Data:

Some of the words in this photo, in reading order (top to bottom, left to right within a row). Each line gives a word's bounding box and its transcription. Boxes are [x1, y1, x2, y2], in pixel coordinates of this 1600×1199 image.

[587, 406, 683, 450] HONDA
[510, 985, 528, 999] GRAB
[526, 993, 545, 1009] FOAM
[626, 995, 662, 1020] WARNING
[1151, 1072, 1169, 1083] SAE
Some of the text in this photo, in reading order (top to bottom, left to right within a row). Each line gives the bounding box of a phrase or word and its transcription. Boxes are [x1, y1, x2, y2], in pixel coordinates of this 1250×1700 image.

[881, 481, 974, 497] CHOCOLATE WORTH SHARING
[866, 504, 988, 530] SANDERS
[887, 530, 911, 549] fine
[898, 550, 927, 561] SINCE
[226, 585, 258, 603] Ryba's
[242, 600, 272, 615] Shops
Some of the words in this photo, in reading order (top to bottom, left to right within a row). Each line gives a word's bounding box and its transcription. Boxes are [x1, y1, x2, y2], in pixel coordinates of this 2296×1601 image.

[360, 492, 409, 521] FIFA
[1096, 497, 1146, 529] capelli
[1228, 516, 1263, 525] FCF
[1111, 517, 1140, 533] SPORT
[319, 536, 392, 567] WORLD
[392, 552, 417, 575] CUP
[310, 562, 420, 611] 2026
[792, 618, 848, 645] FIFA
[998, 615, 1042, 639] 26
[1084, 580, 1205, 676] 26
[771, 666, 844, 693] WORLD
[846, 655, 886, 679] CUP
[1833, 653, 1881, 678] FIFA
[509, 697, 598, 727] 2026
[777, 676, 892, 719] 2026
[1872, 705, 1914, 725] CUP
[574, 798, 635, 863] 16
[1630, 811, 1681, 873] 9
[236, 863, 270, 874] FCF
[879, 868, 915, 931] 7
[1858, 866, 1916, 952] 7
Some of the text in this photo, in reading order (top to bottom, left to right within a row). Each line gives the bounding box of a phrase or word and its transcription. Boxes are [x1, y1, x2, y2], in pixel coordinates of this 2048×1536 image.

The problem:
Word for word, restate the entries that appear above.

Finished exercise:
Some of the words in this photo, in reading order (top to bottom, left to right within a row). Each line gives a word's bounding box and its transcription. Boxes are [x1, y1, x2, y2], in pixel coordinates of this 1600×1199 image.

[587, 406, 683, 450] HONDA
[510, 985, 528, 999] GRAB
[526, 993, 545, 1009] FOAM
[626, 995, 662, 1020] WARNING
[1151, 1072, 1169, 1083] SAE
Some of the text in this photo, in reading order (top to bottom, left to right within a row). Each line gives the bounding box of a phrase or word and its transcription. Boxes are [x1, y1, x2, y2], in pixel coordinates of this 1250×1700 image.

[881, 481, 974, 497] CHOCOLATE WORTH SHARING
[866, 504, 988, 530] SANDERS
[887, 530, 911, 549] fine
[898, 550, 927, 561] SINCE
[226, 585, 258, 603] Ryba's
[242, 600, 272, 615] Shops
Some of the words in this photo, in reading order (top to bottom, left to right within a row). Each line gives a word's bounding box and its transcription. Boxes are [x1, y1, x2, y2], in pixel coordinates of this 2296×1601 image.

[360, 492, 409, 521] FIFA
[1096, 497, 1146, 529] capelli
[1228, 516, 1263, 525] FCF
[1111, 517, 1140, 533] SPORT
[319, 536, 392, 567] WORLD
[392, 552, 417, 575] CUP
[310, 562, 420, 611] 2026
[792, 618, 848, 645] FIFA
[998, 615, 1042, 639] 26
[1084, 580, 1205, 676] 26
[771, 666, 844, 693] WORLD
[846, 655, 886, 679] CUP
[1833, 653, 1881, 678] FIFA
[509, 697, 598, 727] 2026
[777, 676, 892, 719] 2026
[1872, 705, 1914, 725] CUP
[574, 798, 635, 863] 16
[1630, 811, 1681, 873] 9
[236, 863, 270, 874] FCF
[879, 868, 915, 931] 7
[1858, 866, 1916, 952] 7
Some of the text in this photo, in reading order (top to bottom, left to right within a row). Each line gives the bounding box of a phrase or word and its transcription. Boxes are [x1, y1, x2, y2], in pixel coordinates of this 2048×1536 image.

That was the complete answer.